Software Application is a piece of software designed to perform a task for end users, such as accounting, human resource management and student information management. See also Web Application.

SSH (Secure Shell) is a cryptographic network protocol for securing communications.

SSID (Service Set Identifier) is a name or numerical code used to identify a part of a wireless network.

Storage Cluster is a collection of computers and physical storage devices (hard drives, flash storage, etc.) architected to provide network accessible data storage volumes.


Technical Owner is ultimately responsible for providing a system’s service/functionality to the campus. Often the Technical Owner is a manager or director. The Technical Owner is responsible for ensuring that operating procedures are developed that meet the policies, information security standards and guidelines as defined by the University.

TLS (Transport Layer Security) is a secure internet communication protocol.


UBC Datacentres are facilities at UBC that are designed to house Servers and associated equipment.

UBC Electronic Information is electronic information needed to conduct University Business.

UBC-owned Devices are any Devices that are purchased using UBC funds, including research grants. See also Devices.
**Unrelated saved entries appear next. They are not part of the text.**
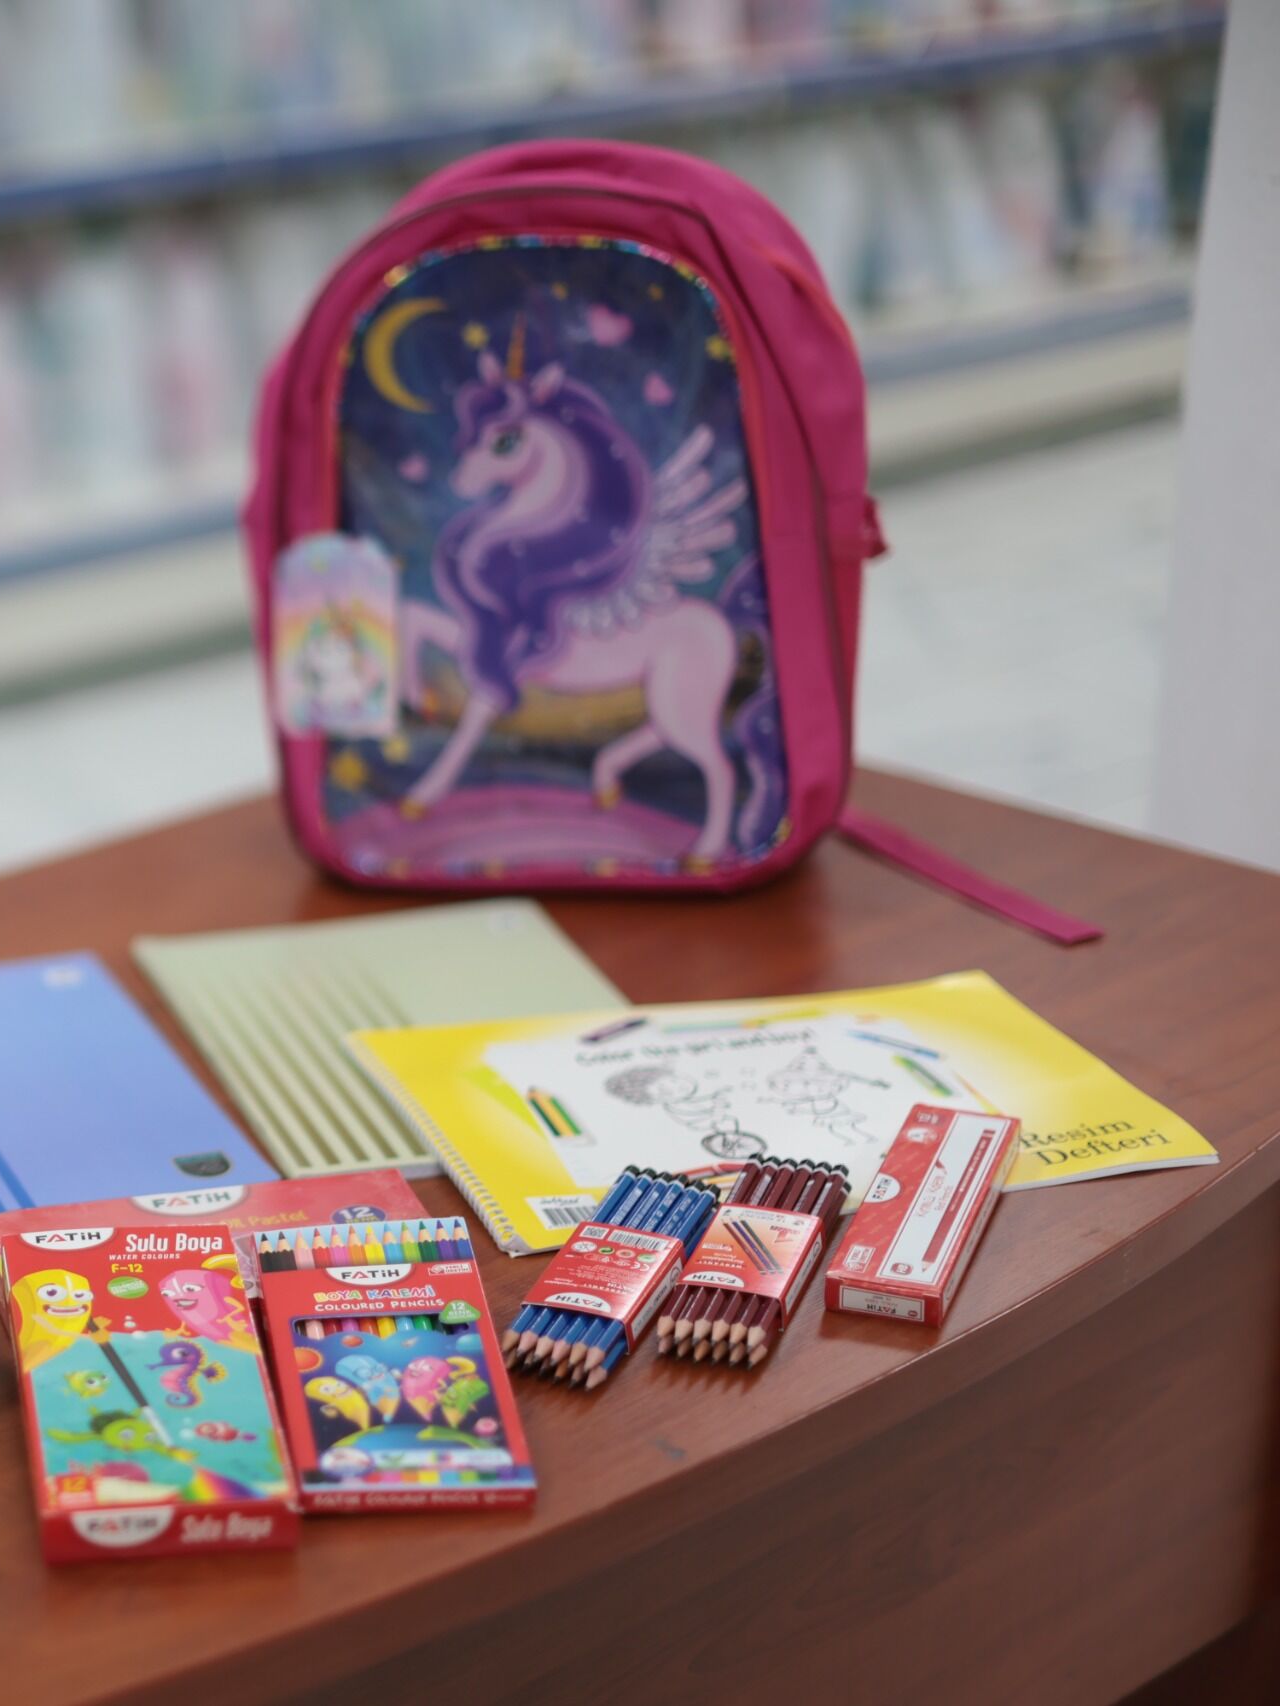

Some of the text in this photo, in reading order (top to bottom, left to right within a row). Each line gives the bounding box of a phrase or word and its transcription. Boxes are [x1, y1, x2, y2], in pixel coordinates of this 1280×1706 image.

[1019, 1120, 1135, 1149] Resim
[1034, 1129, 1172, 1165] Defteri
[152, 1191, 231, 1208] FATiH
[251, 1210, 309, 1227] Pastel
[339, 1206, 374, 1220] 12
[35, 1232, 223, 1254] FATiH Sulu Boya
[111, 1264, 144, 1273] F-12
[341, 1269, 400, 1280] FATiH
[313, 1290, 362, 1302] BOYA
[314, 1299, 445, 1312] COLOURED PENCILS
[450, 1302, 465, 1310] 12
UBC Systems are applications, platforms, devices and facilities that are owned, leased or provided by the University, and that are used to store, process or transmit electronic information. These include, but are not limited to:

  • computers and computer facilities;
  • computing hardware and equipment;
  • mobile computing devices such as laptop computers, smartphones and tablet computers;
  • Internet of Things (IoT) Devices;
  • electronic storage media such as CDs, USB memory sticks and portable hard drives;
  • communications gateways and networks;
  • email systems;
  • telephone and other voice systems; and
  • software.

See also UBC Electronic Services

UBC Electronic Information and Systems includes UBC Electronic Information and UBC Systems.
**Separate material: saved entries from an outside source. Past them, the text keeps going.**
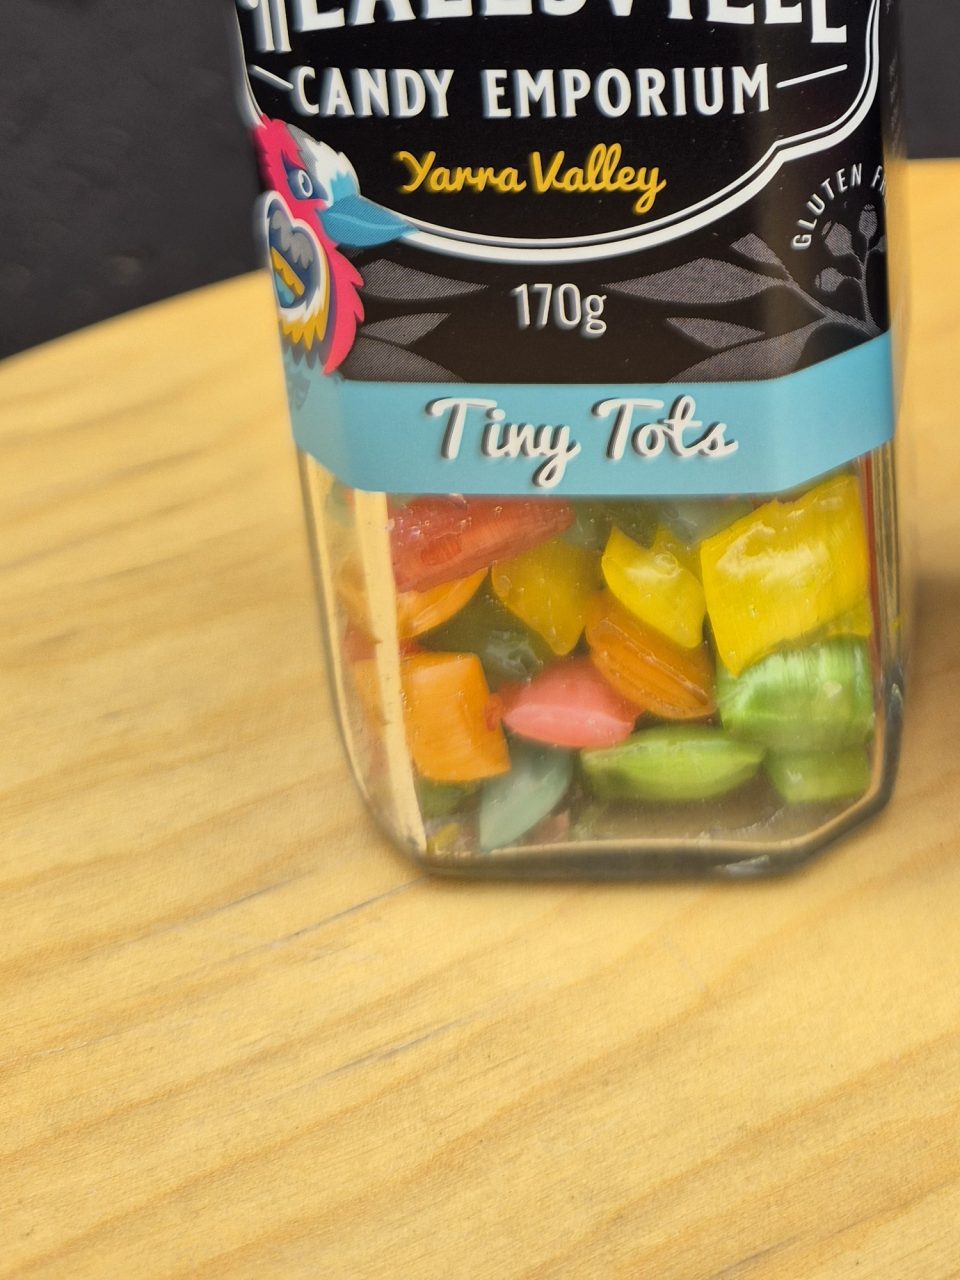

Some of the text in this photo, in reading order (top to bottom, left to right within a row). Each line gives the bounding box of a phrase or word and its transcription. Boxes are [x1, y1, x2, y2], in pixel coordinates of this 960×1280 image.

[294, 63, 770, 118] CANDY EMPORIUM
[398, 143, 668, 215] Yarra Valley
[791, 162, 863, 250] GLUTEN
[512, 282, 608, 336] 170g
[423, 394, 739, 489] Tiny Tots
UBC Electronic Services are an integrated set of components for collecting, storing and/or processing UBC Electronic Information to obtain a desired outcome or deliver a service. They are usually comprised of multiple UBC Systems but can be comprised of a single UBC System. See also UBC Systems.
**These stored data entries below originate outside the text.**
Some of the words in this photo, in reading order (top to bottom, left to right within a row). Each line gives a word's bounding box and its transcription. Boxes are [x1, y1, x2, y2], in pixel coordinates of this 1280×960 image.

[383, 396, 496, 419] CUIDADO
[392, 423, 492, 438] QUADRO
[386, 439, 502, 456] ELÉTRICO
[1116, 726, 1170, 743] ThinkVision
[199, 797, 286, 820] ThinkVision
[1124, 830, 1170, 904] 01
University Business means activities in support of the administrative, academic and research mandates of the University.

University IT Support Staff are UBC employees or contractors who are responsible for maintaining UBC Systems or assisting Users in the configuration, use, troubleshooting, maintenance and repair of these systems.

Users are faculty, staff, students and any other individuals who use UBC Electronic Information and UBC Systems.

User Accounts are accounts that give Users access to UBC Systems. See also Privileged Accounts.


Very High Risk Information is UBC Electronic Information the disclosure of which is very likely to result in harm to individuals. Examples of Very High Risk Information include Social Insurance Number, official government identity card, bank account information, Personal Health Information (PHI), biometric data, personally identifiable genetic data and date of birth. See also High Risk Information, Medium Risk Information and Low Risk Information.

VLAN (Virtual Local Area Network) is a part of a local area network that is isolated from other parts of the network.


Web Application is a Software Application that is stored on a remote Server and delivered over the Internet through a browser interface. See also Software Application.

Web Server is a computer system that hosts websites. It runs software, such as Apache or Microsoft IIS, which provides access to hosted webpages over the Internet. See also Database Server and Application Server.

Workstations are desktop or laptop computers used for University Business.